(Items listed in a dataset)
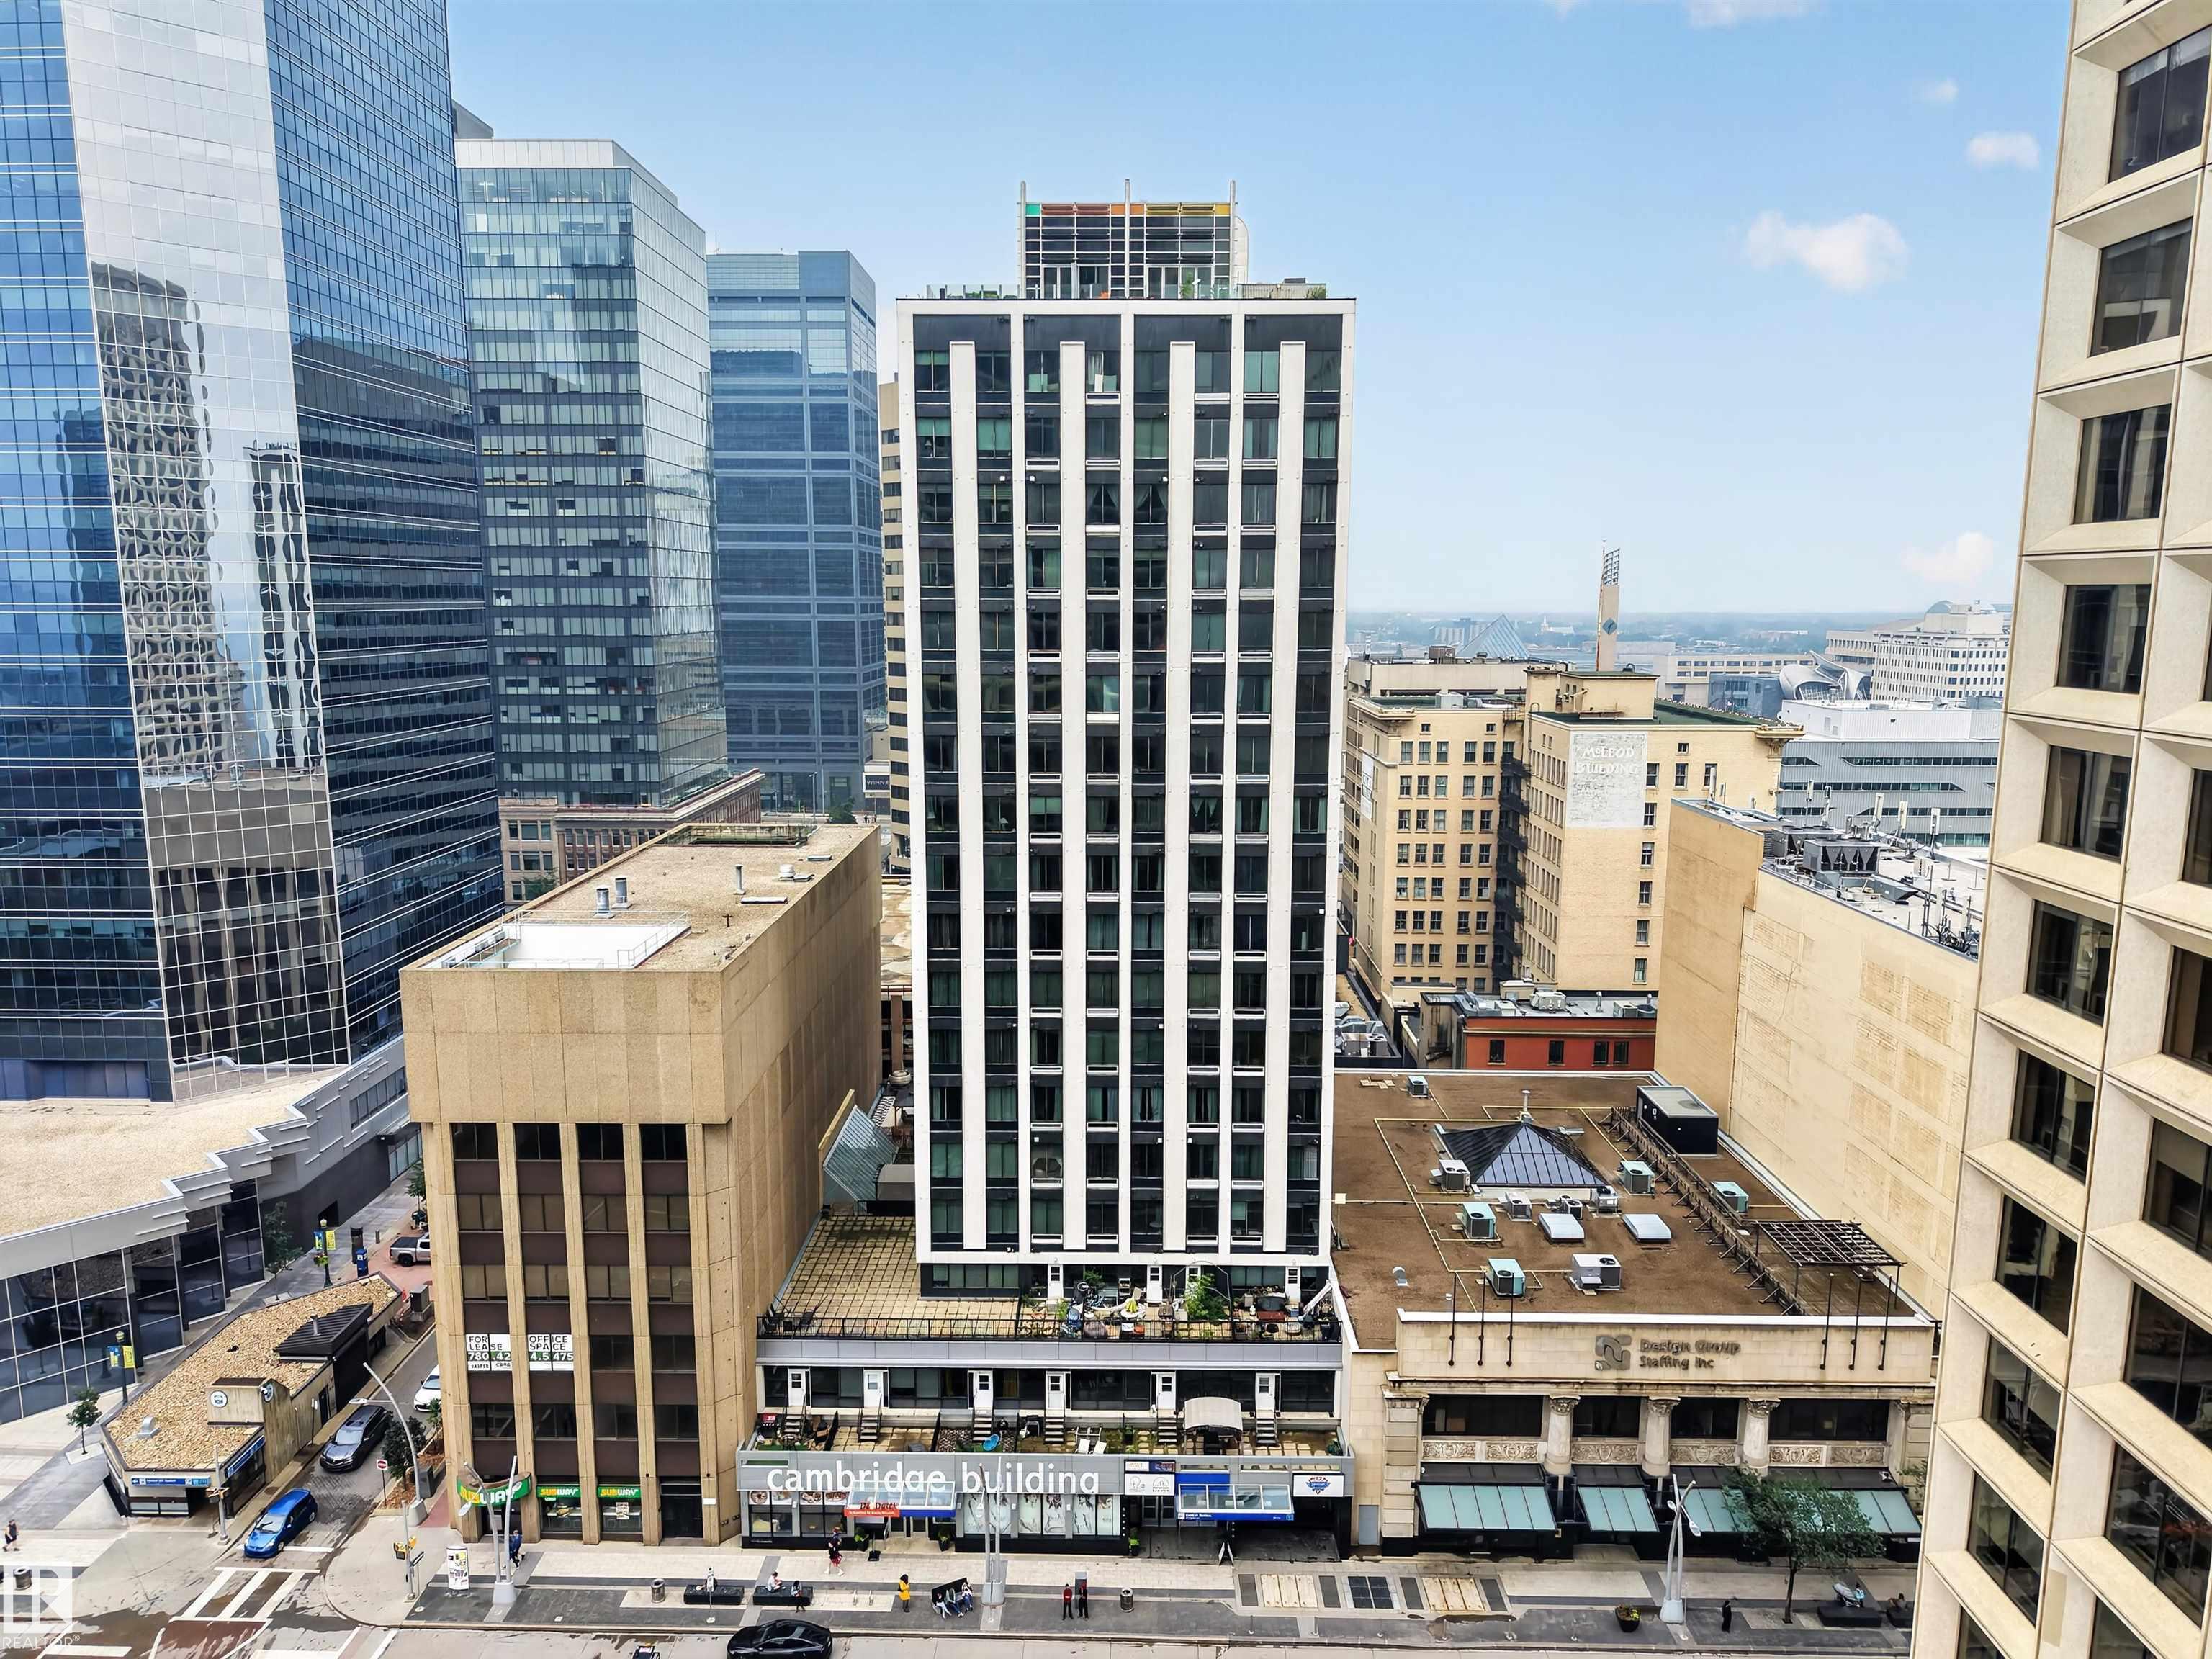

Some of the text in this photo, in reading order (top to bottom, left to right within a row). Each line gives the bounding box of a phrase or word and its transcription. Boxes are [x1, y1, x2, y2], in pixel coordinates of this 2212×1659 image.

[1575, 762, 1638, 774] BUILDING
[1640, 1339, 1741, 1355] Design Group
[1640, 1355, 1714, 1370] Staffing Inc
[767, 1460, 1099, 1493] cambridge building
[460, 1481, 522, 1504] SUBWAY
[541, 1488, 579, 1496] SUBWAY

EXERCISE PROMPT: Retype the records above exactly, pictures omitted.

EXERCISE SOLUTION:
Some of the text in this photo, in reading order (top to bottom, left to right within a row). Each line gives the bounding box of a phrase or word and its transcription. Boxes are [x1, y1, x2, y2], in pixel coordinates of this 2212×1659 image.

[1575, 762, 1638, 774] BUILDING
[1640, 1339, 1741, 1355] Design Group
[1640, 1355, 1714, 1370] Staffing Inc
[767, 1460, 1099, 1493] cambridge building
[460, 1481, 522, 1504] SUBWAY
[541, 1488, 579, 1496] SUBWAY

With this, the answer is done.